The New York SCBWI conference in February was another writing highlight—inspiring, yes, but it also shapes the rest of this year. I’m still aiming to have a complete manuscript by early December—a goal that sounds more and more difficult as the weeks slip past, but I try not to think about that. I plan to start my second draft of the novel on June 18—I’ll keep you posted!
I’ve read wagonloads of fiction, even some non-fiction, and plenty of books on writers and writing. And then I’ve written. Scores of new files crowd my computer, pages of notes, new ideas, short story drafts, even the occasional poem. It’s been a full year.
One of the hardest things for me to accept is the shift in identity. After years of formally identifying myself as a student, now I look at that line on official forms and wince.
Well, what am I? A writer? (Will they ask, “Oh, and what have you written?” At which point my mind goes blank…) Self-employed? Unemployed? Crazy? Lazy?
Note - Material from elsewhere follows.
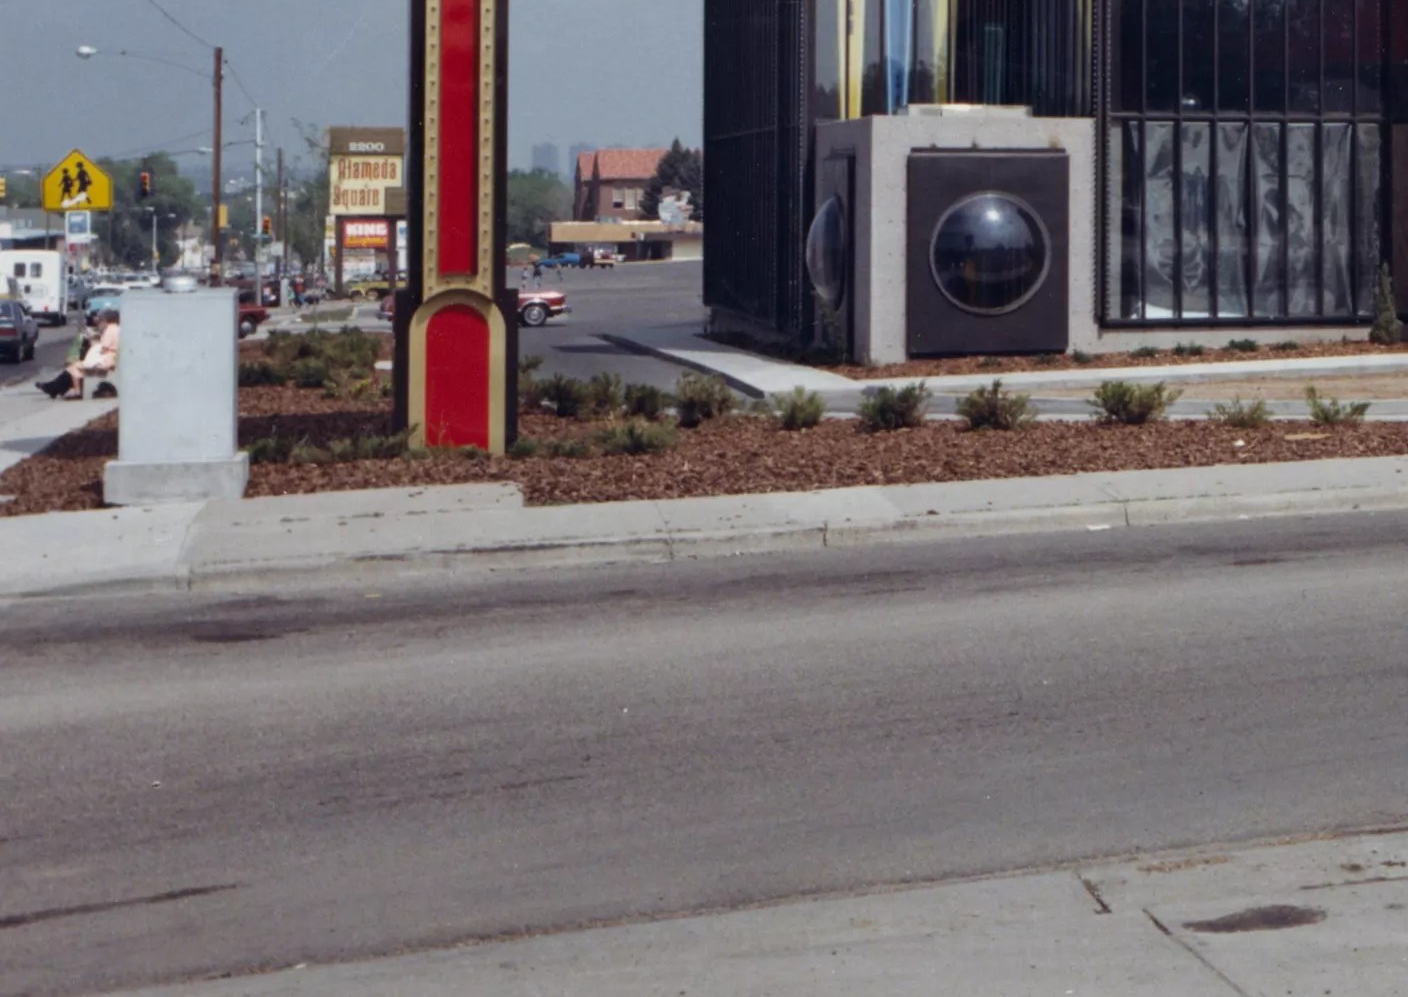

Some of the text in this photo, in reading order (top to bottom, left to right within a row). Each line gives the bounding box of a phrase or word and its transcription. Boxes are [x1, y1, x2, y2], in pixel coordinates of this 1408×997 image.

[338, 158, 396, 180] Alameda
[333, 185, 380, 210] Square
[345, 223, 387, 235] KING
Because despite everything I’ve read and done, it’s still hard to think of myself as a Writer, period. In my brain, it sounds like “Kid dressing in writer-ish clothes deceives self and others,” or “Young person scribbles sometimes; forgets book mostly.” “Would rather knit than write.” “Rarely brilliant—not what we’d hoped.”
I tell myself that I would like the comfort of a job description, that maybe the permanence of a boss would better shape these days. I get anxious, always looking over my shoulder, hoping that I’m doing this right… whatever that means.
Ah, but there’s grace here, too, if I let myself see it. How many people get a chance at living their dreams? Because when I was six and dragging around a spiral notebook, filling it with stories and drawings, I didn’t think I’d get a chance at living this way. (Actually, I didn’t think I’d ever be anything but six years old. Hm.) And now, at twenty-two, I’m still dragging around my stories, only they’re in file folders and plotting notebooks, as I try to create scenes (literary, not disruptive) and daily get better at this.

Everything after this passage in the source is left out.